- An employee sues for sexual harassment? Get the attorneys to do a company-wide seminar!
- Workers bungling the inventory counts? Run’em all through the workshop again!
When you have a problem or opportunity, how do you know that training is the right solution? You don’t, unless, like a good physician, you examine the symptoms, take a history and do some tests.
At the Mav, we’ve developed a great new methodology for helping organizations get more from their training dollars by applying the principles of Lean to training and development. We’re calling it Lean CLO™.
You can be a Lean CLO (aka chief learning officer) at your own company by avoiding shotgun approaches that waste valuable time and money on unnecessary training.

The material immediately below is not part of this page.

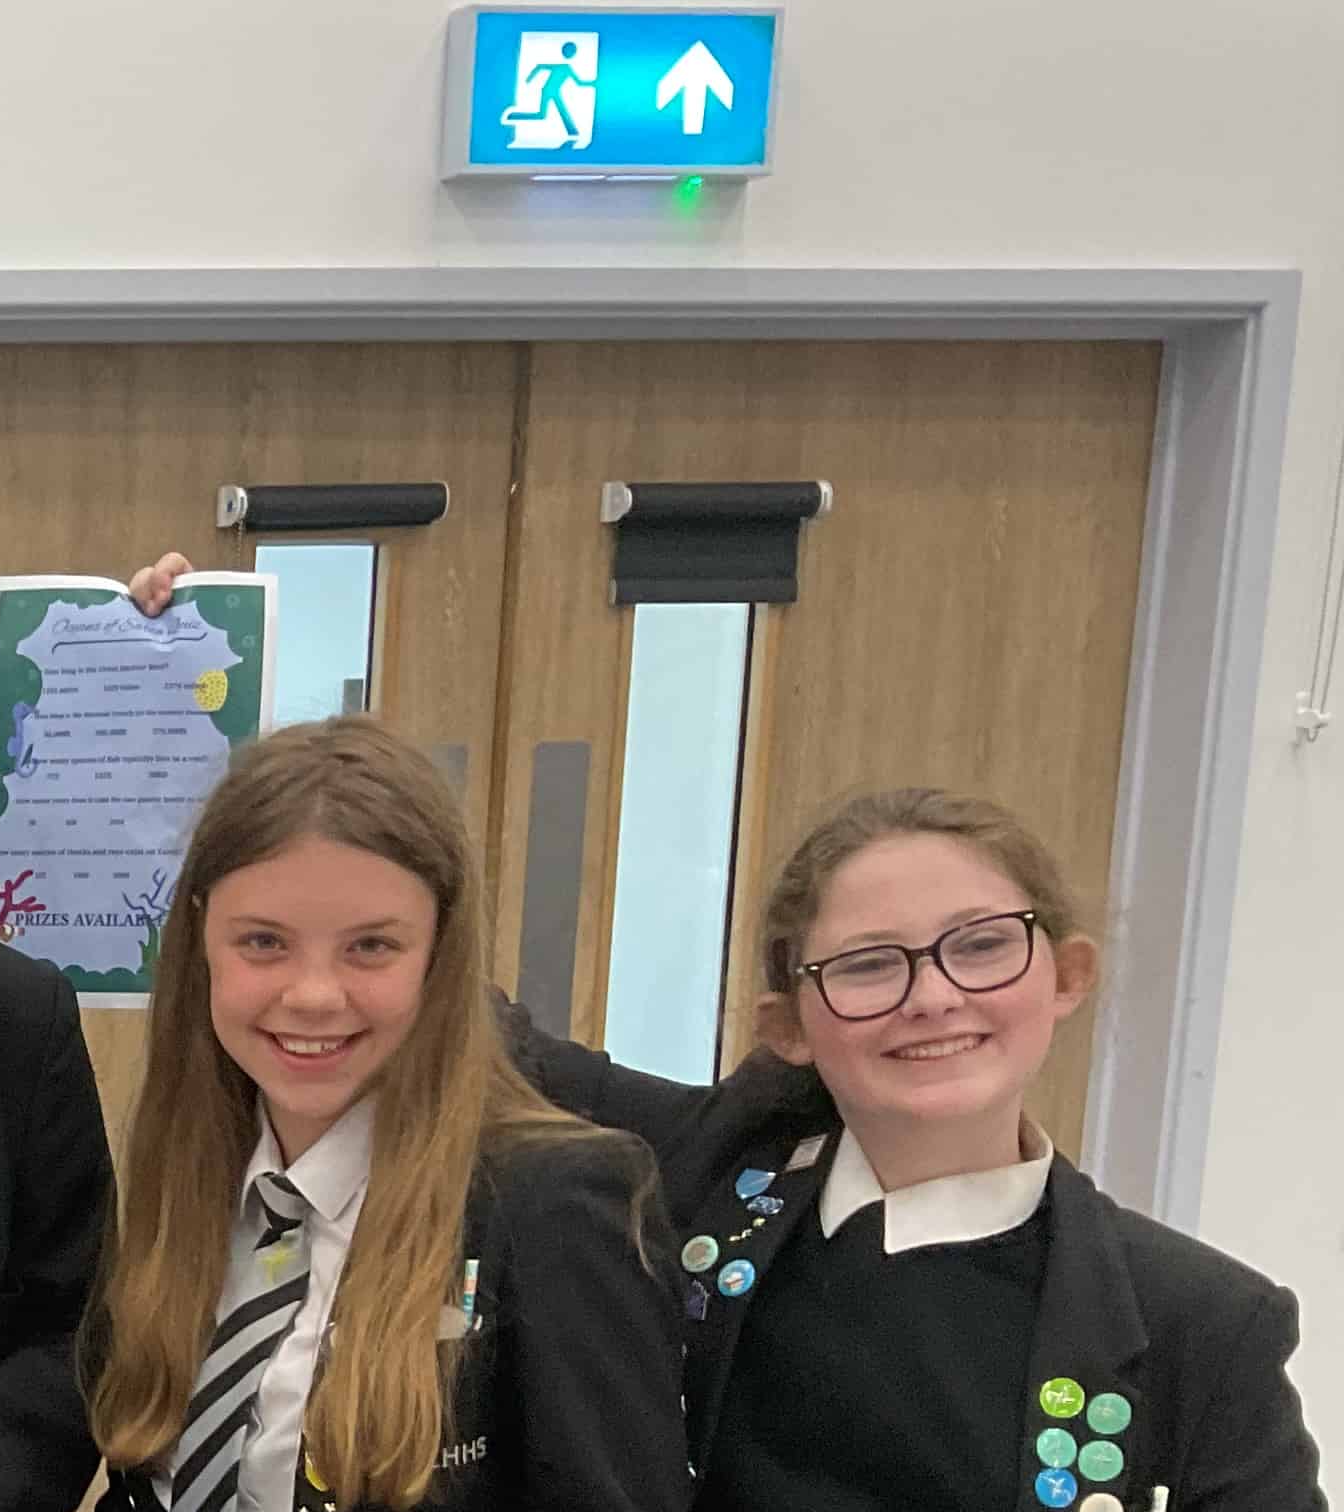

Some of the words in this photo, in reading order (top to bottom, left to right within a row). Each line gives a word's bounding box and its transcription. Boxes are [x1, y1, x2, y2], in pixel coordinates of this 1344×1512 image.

[15, 913, 69, 927] PRIZES
[73, 912, 166, 928] AVAILAB
[432, 1436, 489, 1468] HHS

One Lean CLO method is to eliminate training waste by thoroughly diagnosing the problem and focusing your training only on the people whose learning will help meet the objective.
Let’s see an example of how this particular Lean CLO method might work in a meeting between you and the manager of your company’s call centers.
Manager: “Our customer satisfaction’s going in the toilet. We obviously need to put our call center employees -- that’s about 500 people -- through a refresher course.”
Lean CLO: “What numbers are telling you this?” (What’s the problem?)
Manager: “Call handle times are way up.” (How is the problem manifesting itself?)
Lean CLO: “Are all the call centers seeing the increase?” (Where is the problem?)
Manager: “Atlanta’s got the worst performance by far.”
Lean CLO: “And when did the Atlanta numbers start going up?” (When is the problem occurring?)
Manager: “Right after we moved our dishwasher service there. About 4 months ago.”
Lean CLO: “Who’s having the most trouble servicing this product?” (Who is the problem?)
Manager: “The swing shift. About 80 people.”
Lean CLO: “Why the swing shift?” (Why is the problem happening?)
Manager: “ There’s no engineering support in the evening and nights to fall back on. It’s a complicated product and half of the employees are new.”
Lean CLO: “So what I’m hearing is that about 40 people in your Atlanta operation’s swing shift need support training on the dishwasher product. Let’s assess their current product knowledge and target the training specifically where they’re having trouble. Then, let’s monitor their call handle times and see if we nailed it.”
Makes a lot of sense, doesn’t it?
Instead of putting 500 employees through remedial customer service training and spending hundreds of thousands of dollars with little to show for it, now you’re meeting a specific business objective with fewer dollars, less time and whole lot more productivity. Give it a try next time you’re thinking of throwing training at a problem.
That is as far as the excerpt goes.